Combinative Protein Expression of Immediate Early Genes c-Fos, Arc, and Npas4 Along Aversive and Appetitive Experience-Related Neural Networks

Abstract

Expression of immediate early genes (IEGs) is critical for memory formation and has been widely used to identify the neural substrate of memory traces, termed memory engram cells. Functions of IEGs have been known to be different depending on their types. However, there is limited knowledge about the extent to which different types of IEGs are selectively or concurrently involved in the formation of memory engram.

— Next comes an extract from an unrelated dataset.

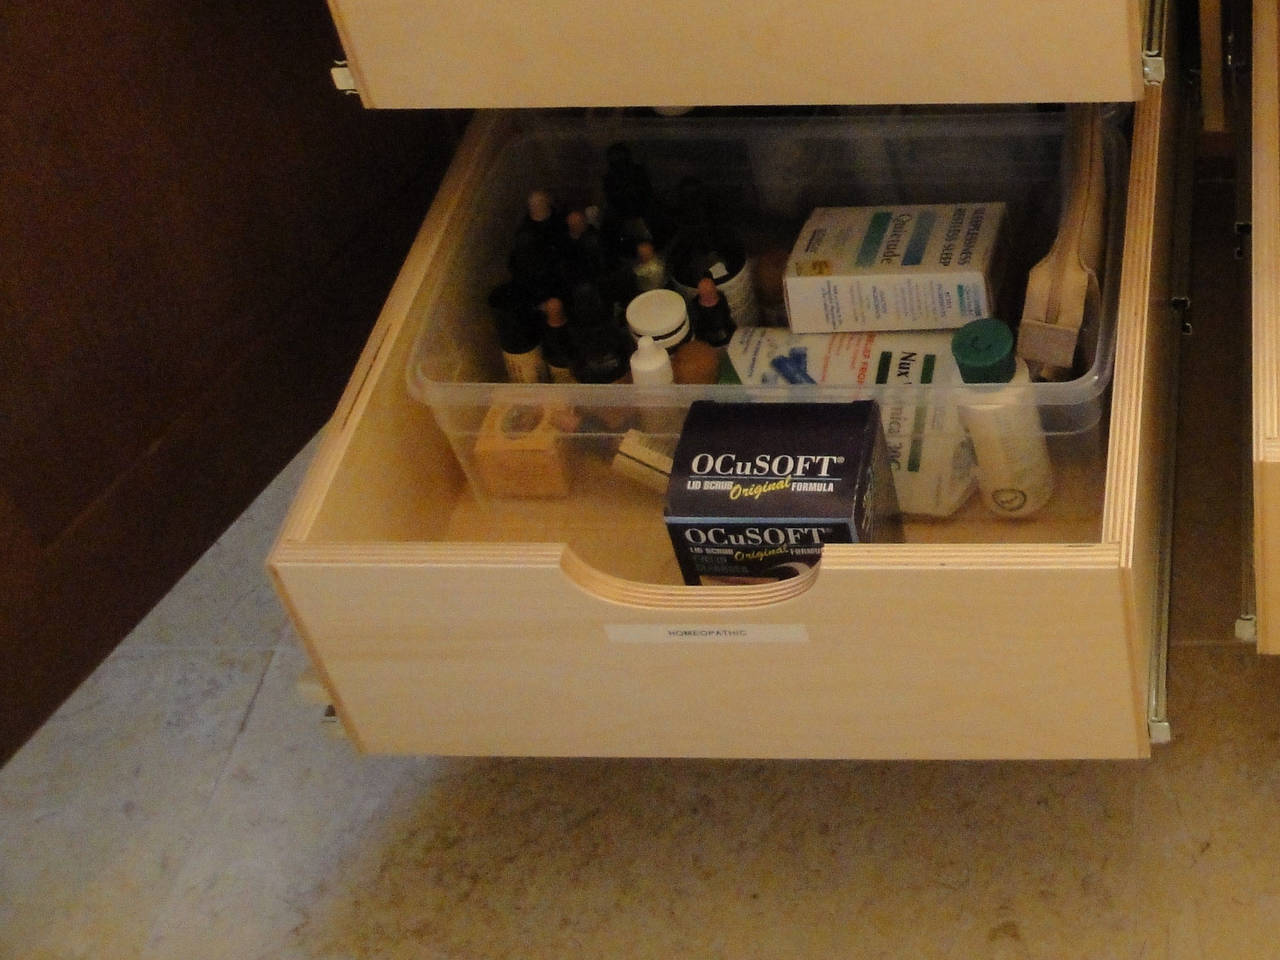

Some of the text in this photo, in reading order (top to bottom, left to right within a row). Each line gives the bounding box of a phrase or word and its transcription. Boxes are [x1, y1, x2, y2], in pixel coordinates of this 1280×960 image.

To address this question, we investigated the combinative expression of c-Fos, Arc, and Npas4 proteins using immunohistochemistry following aversive and rewarding experiences across subregions in the prefrontal cortex (PFC), basolateral amygdala (BLA), hippocampal dentate gyrus (DG), and retrosplenial cortex (RSC). Using an automated cell detection algorithm, we found that expression patterns of c-Fos, Npas4, and Arc varied across different brain areas, with a higher increase of IEG expressing cells in the PFC and posterior BLA than in the DG. The combinative expression patterns, along with their experience-induced changes, also differed across brain areas; the co-expression of IEGs increased in the PFC and BLA following experience, whereas the increase was less pronounced in the DG and RSC. Furthermore, we demonstrate that different area-to-area functional connectivity networks were extracted by different IEGs. These findings provide insights into how different IEGs and their combinations identify engram cells, which will contribute to a deeper understanding of the functional significance of IEG-tagged memory engram cells.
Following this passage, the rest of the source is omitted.